Functionality of MR redox signalosomes

The functionality of MR redox signalosomes is to produce O₂^·− and thereby lead to redox regulation of cell and organ function. Although there are many methods that could be used to determine O₂^·− production or Nox activity, such as fluorescence microplate spectrometry with trapping dye, dihydroethidium (DHE), a chemiluminescence analysis using FCLA (3,7-dihydro-6-{4-[2-(N′-(5-fluoresceinyl) thioureido) ethoxy]phenyl}-2-methylimidazo-{1,2-a}pyrazin-3-one sodium salt) and HPLC analysis, to our knowledge the most definitive measurement is to analyse O₂^·− production in isolated MR fractions by membrane floatation in order to reflect the enzymatic activity of Nox associated with MRs. Electron spin resonance (ESR) spectrometry is considered to be the most accurate and sensitive method in detecting O₂^·− production within MRs. It has been demonstrated that Nox-dependent O₂^·− production was increased in isolated MR fractions from cells stimulated by FasL or other stimuli, as determined by ESR spectrometry [17]. In addition, this MR-associated O₂^·− production was also found to be stimulated or boosted in LM clusters in response to FasL, TNF-α, endostatin and angiotensin II in ECs or Fcγ activation in neutrophils [19,62,71]. This Nox-derived O₂^·− has been reported to be importantly implicated in the redox regulation of vascular endothelial and smooth muscle function [1,7]. These functionality analyses support the view that MR clustering contributes to the activation of Nox by aggregation and recruitment of its sub-units to MRs, which constitutes MR redox signalosomes, regulating downstream effector response and influencing cell function.

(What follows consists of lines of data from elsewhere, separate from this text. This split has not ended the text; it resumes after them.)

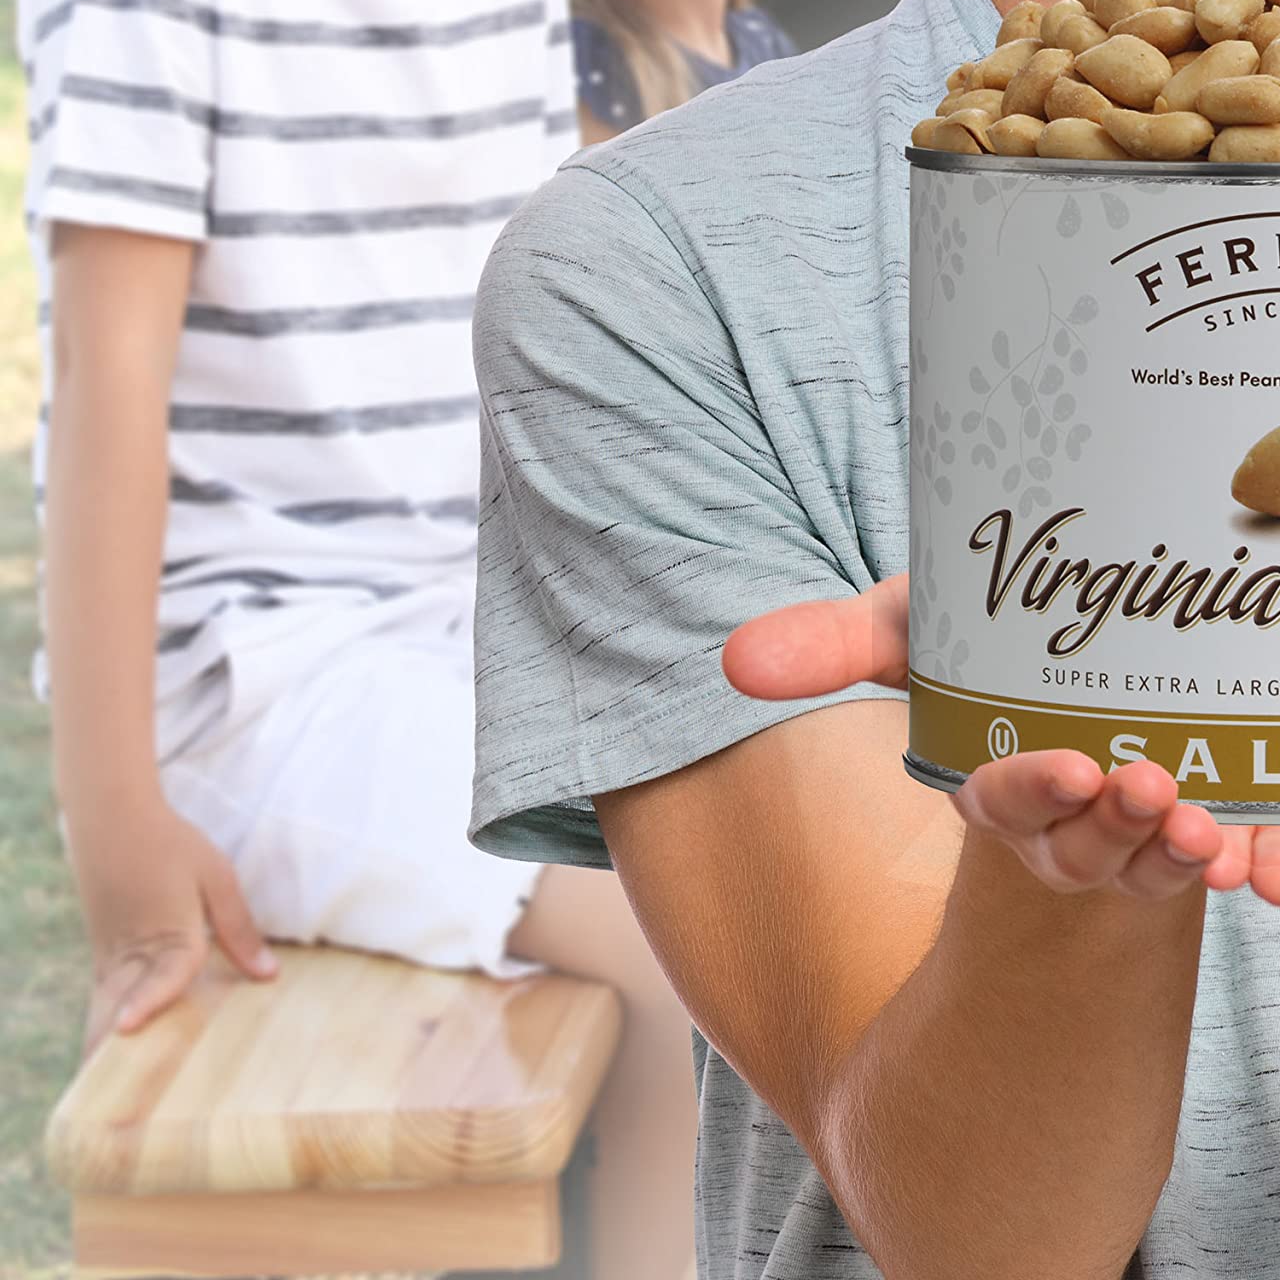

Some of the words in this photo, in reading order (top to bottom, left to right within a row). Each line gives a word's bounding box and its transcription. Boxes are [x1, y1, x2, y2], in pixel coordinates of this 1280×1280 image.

[1131, 368, 1193, 387] World's
[1199, 370, 1234, 387] Best
[1041, 666, 1110, 690] SUPER
[1125, 674, 1199, 695] EXTRA
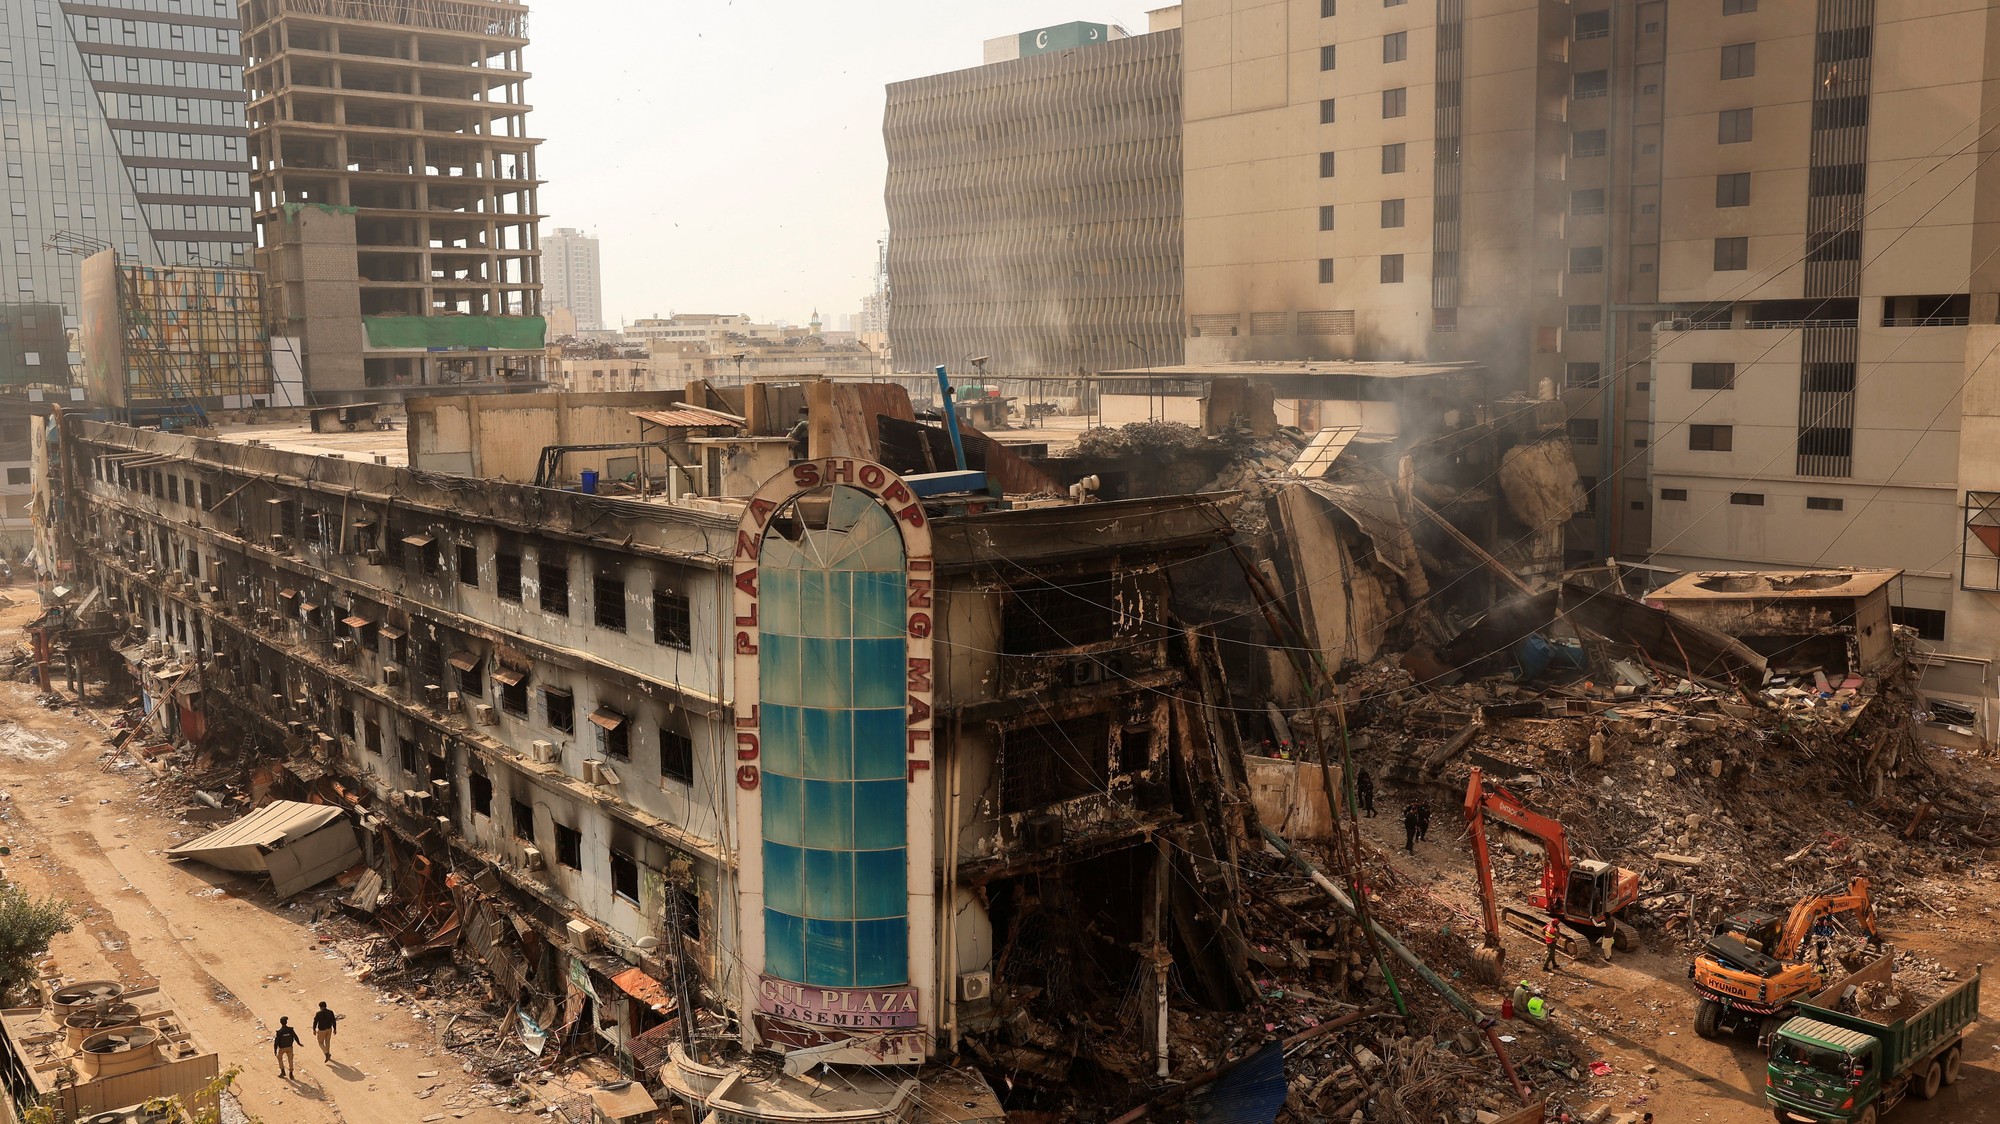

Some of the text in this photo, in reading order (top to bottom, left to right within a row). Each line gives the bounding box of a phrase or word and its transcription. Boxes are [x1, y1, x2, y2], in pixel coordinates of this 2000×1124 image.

[735, 498, 777, 655] PLAZA
[736, 704, 760, 791] GUL
[908, 657, 931, 783] MALL
[760, 980, 918, 1013] GUL PLAZA
[774, 1003, 901, 1026] BASEMENT
[1708, 978, 1747, 997] HYUNDAI

In addition, it has been reported that ROS may modulate the activity of many enzymes such as heme oxygenase, aconitase, tyrosine phosphatase, alkaline phosphatase, 5′-nucleotidase and ADP-ribosyl cyclase [72,73]. This redox regulation of enzyme activity is associated with the dimer formation of these enzymes due to oxidation of the cysteine residue in the enzyme molecule, which leads to the formation of one or several disulphide bonds in the enzyme molecule, resulting in the potentiation of enzyme activity. Based on a new model proposed by Dumitru et al. [74], ASMase is activated by ROS because the free C-terminal cysteine of ASMase can be modified and lost by the actions of ROS, whereby a zinc coordination in this enzyme could be altered, constituting a feed forward regulation of ASMase activity and ROS production.

Mechanisms of MR redox signalosome formation

Role of ceramide and ASMase

As discussed above, ceramide and ASMase are important components of MR redox signalosomes. In particular, ceramide derived from ASMase is originally characterized as a lipid messenger in apoptotic signalling [75] and it is capable of forming highly ordered, gel-like domains in membranes [76]. Such ordered membrane domains may transiently exist in living cells, as recently demonstrated by the Ca²⁺-stimulated co-recruitment of annexin-1-GFP to ceramide platforms [77]. Ceramide domains also appear to be essential for efficient clustering of Fas upon interaction with FasL [78]. In ECs, we have demonstrated that ceramide is accumulated to form MR signalling platforms in response to some agonists such as FasL or TNF-α [79,80]. In addition, it has been shown that SMases are enriched in vascular ECs and importantly mediate ceramide production, thereby leading to the formation of ceramide-enriched MR platforms with aggregation or recruitment of Nox sub-units. Ceramide, as a fusogen, facilitates the aggregation of rafts and the formation of signalling platforms, which cluster many proteins or lipid molecules to form redox signalosomes.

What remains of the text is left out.